__Data entries__
● ● ●

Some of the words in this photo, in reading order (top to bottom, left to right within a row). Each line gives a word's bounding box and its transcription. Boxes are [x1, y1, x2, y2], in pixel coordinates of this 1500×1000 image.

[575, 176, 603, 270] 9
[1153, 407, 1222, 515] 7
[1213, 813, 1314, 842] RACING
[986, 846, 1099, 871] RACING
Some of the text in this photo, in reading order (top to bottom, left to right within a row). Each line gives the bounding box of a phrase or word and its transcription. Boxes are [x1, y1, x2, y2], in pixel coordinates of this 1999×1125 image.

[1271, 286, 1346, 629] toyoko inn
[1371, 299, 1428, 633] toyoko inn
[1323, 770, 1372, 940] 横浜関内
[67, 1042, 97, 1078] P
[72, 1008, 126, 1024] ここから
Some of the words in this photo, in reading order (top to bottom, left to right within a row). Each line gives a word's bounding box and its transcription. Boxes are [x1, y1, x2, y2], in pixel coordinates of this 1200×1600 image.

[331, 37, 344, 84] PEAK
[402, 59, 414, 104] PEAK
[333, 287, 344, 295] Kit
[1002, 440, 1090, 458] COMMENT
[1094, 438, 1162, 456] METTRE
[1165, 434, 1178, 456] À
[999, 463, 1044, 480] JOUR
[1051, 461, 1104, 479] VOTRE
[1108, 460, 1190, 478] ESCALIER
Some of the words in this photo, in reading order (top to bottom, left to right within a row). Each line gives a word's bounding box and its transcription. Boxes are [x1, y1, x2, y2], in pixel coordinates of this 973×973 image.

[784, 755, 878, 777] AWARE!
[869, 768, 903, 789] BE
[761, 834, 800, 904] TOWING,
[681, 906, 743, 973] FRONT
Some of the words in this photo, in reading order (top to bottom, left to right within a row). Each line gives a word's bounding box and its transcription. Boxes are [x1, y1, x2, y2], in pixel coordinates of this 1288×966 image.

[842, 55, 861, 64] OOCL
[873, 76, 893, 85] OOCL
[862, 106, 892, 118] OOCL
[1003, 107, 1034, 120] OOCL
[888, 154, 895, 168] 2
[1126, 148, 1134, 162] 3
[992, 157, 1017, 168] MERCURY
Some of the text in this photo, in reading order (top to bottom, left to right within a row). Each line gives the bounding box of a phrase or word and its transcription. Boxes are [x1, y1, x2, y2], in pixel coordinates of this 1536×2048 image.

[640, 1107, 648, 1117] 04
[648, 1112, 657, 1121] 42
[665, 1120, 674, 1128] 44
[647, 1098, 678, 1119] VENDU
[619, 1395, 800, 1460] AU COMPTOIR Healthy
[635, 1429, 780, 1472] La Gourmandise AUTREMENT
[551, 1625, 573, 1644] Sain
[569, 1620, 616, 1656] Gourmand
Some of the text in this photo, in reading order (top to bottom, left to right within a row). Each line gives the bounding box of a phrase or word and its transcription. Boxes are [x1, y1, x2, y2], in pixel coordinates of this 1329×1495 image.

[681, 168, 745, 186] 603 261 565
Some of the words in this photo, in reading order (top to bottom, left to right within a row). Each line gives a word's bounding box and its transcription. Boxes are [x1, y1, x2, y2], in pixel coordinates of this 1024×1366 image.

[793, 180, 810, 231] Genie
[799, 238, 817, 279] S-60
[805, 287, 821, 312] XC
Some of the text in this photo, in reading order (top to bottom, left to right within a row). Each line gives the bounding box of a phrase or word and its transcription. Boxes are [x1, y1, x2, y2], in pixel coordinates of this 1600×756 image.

● ● ●

__THE TASK__
Retype each entry without altering a single word.

__OUTPUT BELOW__
Some of the words in this photo, in reading order (top to bottom, left to right within a row). Each line gives a word's bounding box and its transcription. Boxes are [x1, y1, x2, y2], in pixel coordinates of this 1500×1000 image.

[575, 176, 603, 270] 9
[1153, 407, 1222, 515] 7
[1213, 813, 1314, 842] RACING
[986, 846, 1099, 871] RACING
Some of the text in this photo, in reading order (top to bottom, left to right within a row). Each line gives the bounding box of a phrase or word and its transcription. Boxes are [x1, y1, x2, y2], in pixel coordinates of this 1999×1125 image.

[1271, 286, 1346, 629] toyoko inn
[1371, 299, 1428, 633] toyoko inn
[1323, 770, 1372, 940] 横浜関内
[67, 1042, 97, 1078] P
[72, 1008, 126, 1024] ここから
Some of the words in this photo, in reading order (top to bottom, left to right within a row). Each line gives a word's bounding box and its transcription. Boxes are [x1, y1, x2, y2], in pixel coordinates of this 1200×1600 image.

[331, 37, 344, 84] PEAK
[402, 59, 414, 104] PEAK
[333, 287, 344, 295] Kit
[1002, 440, 1090, 458] COMMENT
[1094, 438, 1162, 456] METTRE
[1165, 434, 1178, 456] À
[999, 463, 1044, 480] JOUR
[1051, 461, 1104, 479] VOTRE
[1108, 460, 1190, 478] ESCALIER
Some of the words in this photo, in reading order (top to bottom, left to right within a row). Each line gives a word's bounding box and its transcription. Boxes are [x1, y1, x2, y2], in pixel coordinates of this 973×973 image.

[784, 755, 878, 777] AWARE!
[869, 768, 903, 789] BE
[761, 834, 800, 904] TOWING,
[681, 906, 743, 973] FRONT
Some of the words in this photo, in reading order (top to bottom, left to right within a row). Each line gives a word's bounding box and its transcription. Boxes are [x1, y1, x2, y2], in pixel coordinates of this 1288×966 image.

[842, 55, 861, 64] OOCL
[873, 76, 893, 85] OOCL
[862, 106, 892, 118] OOCL
[1003, 107, 1034, 120] OOCL
[888, 154, 895, 168] 2
[1126, 148, 1134, 162] 3
[992, 157, 1017, 168] MERCURY
Some of the text in this photo, in reading order (top to bottom, left to right within a row). Each line gives the bounding box of a phrase or word and its transcription. Boxes are [x1, y1, x2, y2], in pixel coordinates of this 1536×2048 image.

[640, 1107, 648, 1117] 04
[648, 1112, 657, 1121] 42
[665, 1120, 674, 1128] 44
[647, 1098, 678, 1119] VENDU
[619, 1395, 800, 1460] AU COMPTOIR Healthy
[635, 1429, 780, 1472] La Gourmandise AUTREMENT
[551, 1625, 573, 1644] Sain
[569, 1620, 616, 1656] Gourmand
Some of the text in this photo, in reading order (top to bottom, left to right within a row). Each line gives the bounding box of a phrase or word and its transcription. Boxes are [x1, y1, x2, y2], in pixel coordinates of this 1329×1495 image.

[681, 168, 745, 186] 603 261 565
Some of the words in this photo, in reading order (top to bottom, left to right within a row). Each line gives a word's bounding box and its transcription. Boxes are [x1, y1, x2, y2], in pixel coordinates of this 1024×1366 image.

[793, 180, 810, 231] Genie
[799, 238, 817, 279] S-60
[805, 287, 821, 312] XC
Some of the text in this photo, in reading order (top to bottom, left to right within a row). Each line gives the bounding box of a phrase or word and its transcription. Boxes are [x1, y1, x2, y2], in pixel coordinates of this 1600×756 image.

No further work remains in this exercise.